His first paper of evolutionary importance was a note in Russian on the development of Amphioxus, published in 1865. This subject was followed up in two papers which appeared in 1867[387] and 1877.[388] In his papers on Amphioxus Kowalevsky made out the main features in the development of this primitive form, and showed that the chief organs were formed in essentially the same way as in Vertebrates; he described the formation of the archenteron by invagination, the appearance of the medullary folds, which coalesced to form the neural canal, the formation of the notochord and of the gill-slits. At first he made the mistake of supposing that the body-cavity arose from the segmentation-cavity, but in his later paper he rightly surmised that it was formed from the cavities of the "primitive vertebræ," or mesodermal segments. The origin of the notochord from the endoderm was also not made out by Kowalevsky in his paper of 1867.

Although many important details remained to be discovered by later investigators,[389] Kowalevsky's work at once made the development of Amphioxus the key to vertebrate embryology, the typical ontogeny with which all others could be compared.

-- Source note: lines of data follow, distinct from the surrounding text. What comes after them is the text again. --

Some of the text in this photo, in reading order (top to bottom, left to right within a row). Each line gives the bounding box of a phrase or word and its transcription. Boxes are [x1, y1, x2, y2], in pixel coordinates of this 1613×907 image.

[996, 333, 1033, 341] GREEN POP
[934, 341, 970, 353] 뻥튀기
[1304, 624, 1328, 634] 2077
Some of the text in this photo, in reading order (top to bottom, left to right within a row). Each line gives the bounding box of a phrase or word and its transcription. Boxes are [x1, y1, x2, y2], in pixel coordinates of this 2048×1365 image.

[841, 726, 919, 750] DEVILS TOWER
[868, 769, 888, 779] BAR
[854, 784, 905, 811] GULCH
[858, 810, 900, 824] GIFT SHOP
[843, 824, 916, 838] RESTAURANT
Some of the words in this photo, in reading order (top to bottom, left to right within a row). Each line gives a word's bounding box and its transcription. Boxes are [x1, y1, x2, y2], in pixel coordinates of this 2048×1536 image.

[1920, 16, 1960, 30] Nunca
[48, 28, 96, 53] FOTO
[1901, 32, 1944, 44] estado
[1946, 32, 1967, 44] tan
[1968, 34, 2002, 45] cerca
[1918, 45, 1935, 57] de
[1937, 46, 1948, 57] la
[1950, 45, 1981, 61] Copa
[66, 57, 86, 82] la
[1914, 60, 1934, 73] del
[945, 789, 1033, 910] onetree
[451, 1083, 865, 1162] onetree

Meanwhile, in 1866 and 1871, Kowalevsky had communicated memoirs of even greater interest,[390] in which he showed that the simple Ascidians developed in an extraordinarily similar way to Amphioxus and hence to Vertebrates in general. His proof that Ascidians also develop on the vertebrate type aroused great interest at the time, and was naturally acclaimed by the evolutionists as a striking piece of evidence in favour of their doctrine. The systematic position of the Ascidians was at that time quite uncertain; they were grouped, as a rule, with the Mollusca, and certainly no one suspected that their well-known tailed larvæ, first seen by Savigny, showed any but the most superficial analogy with the tadpoles of Amphibia. Kowalevsky's papers put a different complexion on the matter. In the first of them he showed how the nervous system of the simple Ascidian developed from ectodermal folds just as it did in Amphioxus and Vertebrates, how gill-slits were formed in the walls of the pharynx, and how there existed in the ascidian larva a structure which in position and mode of development was the strict homologue of the vertebrate notochord. In his second paper he entered into much more detail, and published some excellent figures, often reproduced since (see [Fig. 13]), but the proof of the affinity between Vertebrates and Ascidians was in all essentials complete in his paper of 1866.